A l'affiche
Marc Dugain livre une Eugénie Grandet résolument féministe

Marc Dugain livre une Eugénie Grandet résolument féministe

22 August 2021 | PAR Olivia Leboyer

Le romancier Marc Dugain avait prouvé en adaptant L’échange des princesses (de Chantal Thomas) sa maîtrise à convertir un récit – historique – en plages de temps de cinéma. En donnant corps à Eugénie Grandet, il prend un risque certain, tant le roman nous est familier. Pari réussi, car Marc Dugain n’hésite pas à choisir un angle fort. A découvrir en salles le 29 septembre 2021.

La campagne près de Saumur est filmée au plus près de la terre. Le ciel gris et lourd, les arbres minces et tristes, la terre grasse, constituent tout l’univers de Félix Grandet, qui achète, négocie, ruse et amasse. En père Grandet, Olivier Gourmet impressionne considérablement. Son visage massif et fin exprime toutes les nuances de ce personnage d’un bloc, et pourtant si retors et complexe. Chez lui, à table, il est fermé, presque granitique. Dans les ventes aux enchères, devant ses adversaires, il se déploie, affiche un air matois, rit et séduit son public, un peu interdit face à ses tours et détours. Grandet est habile, intelligent, prudent, sans scrupules.

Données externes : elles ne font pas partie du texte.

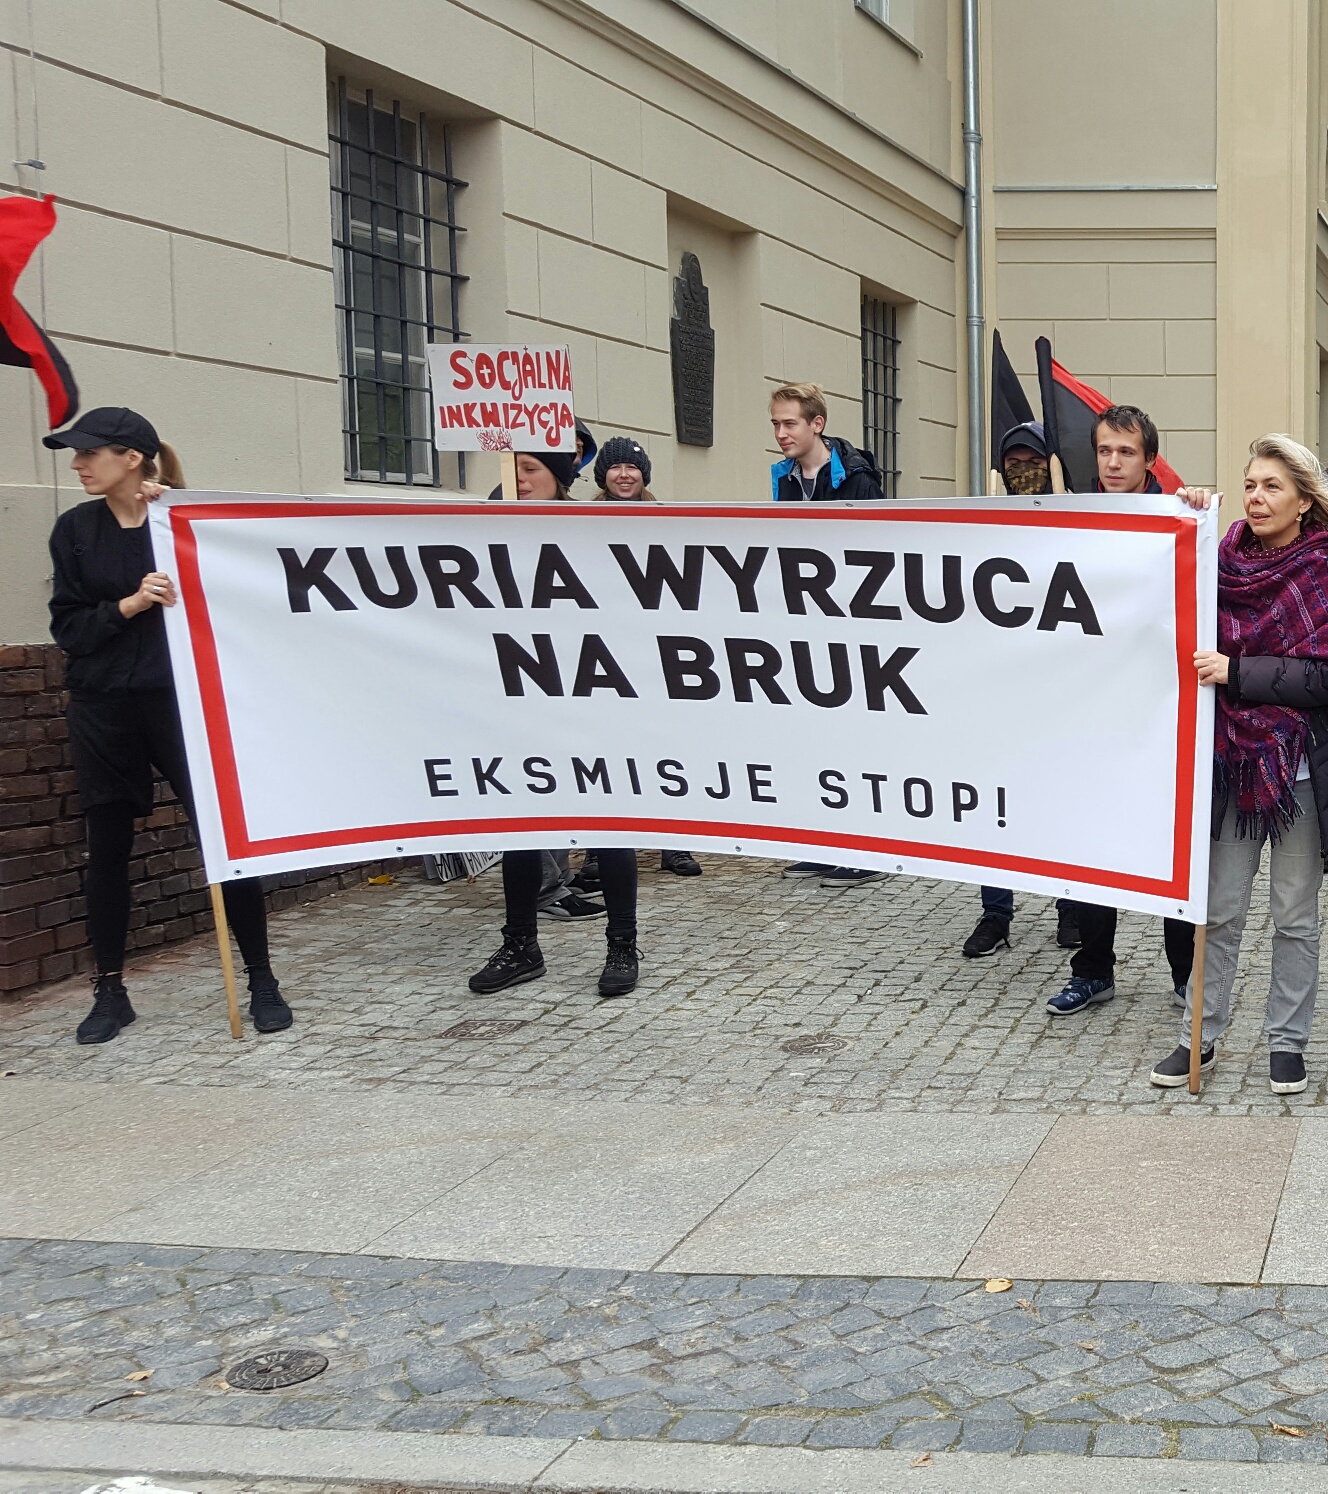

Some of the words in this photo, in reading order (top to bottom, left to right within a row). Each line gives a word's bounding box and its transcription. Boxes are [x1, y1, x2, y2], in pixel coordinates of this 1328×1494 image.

L’obsession de l’argent, oui, mais aussi le désir fou de contrôler son petit univers familial et la destinée de sa fille unique, Eugénie (Joséphine Japy). Pour lui, l’argent et l’amour vont ensemble, ne sont pas dissociables. L’argent n’est pas un objet ou un moyen d’échange, il est bien plus que cela, il est tout. “On meurt pour l’argent ? Hé bien, oui, encore heureux, sinon en quoi aurait-on foi ?” lance-t-il, sincère, en annonçant le suicide de son frère, ruiné. Les sentiments ? L’homme en a, autant que de pièces d’or. Chaque pièce donnée à sa fille est, pour lui, un gage du lien entre eux. Aussi refuse-t-il obstinément qu’Eugénie se brade à n’importe qui. Ni au fils du banquier, ni à celui du notaire, deux nigauds bassement intéressés. Ni à ce cousin Charles, aux si beaux yeux mélancoliques, et qui lui paraît – à juste titre – si inconsistant. César Domboy joue excellemment ce personnage attirant, mais si veule. Tous les personnages de notables sont plus vrais que nature, visages, statures, expressions.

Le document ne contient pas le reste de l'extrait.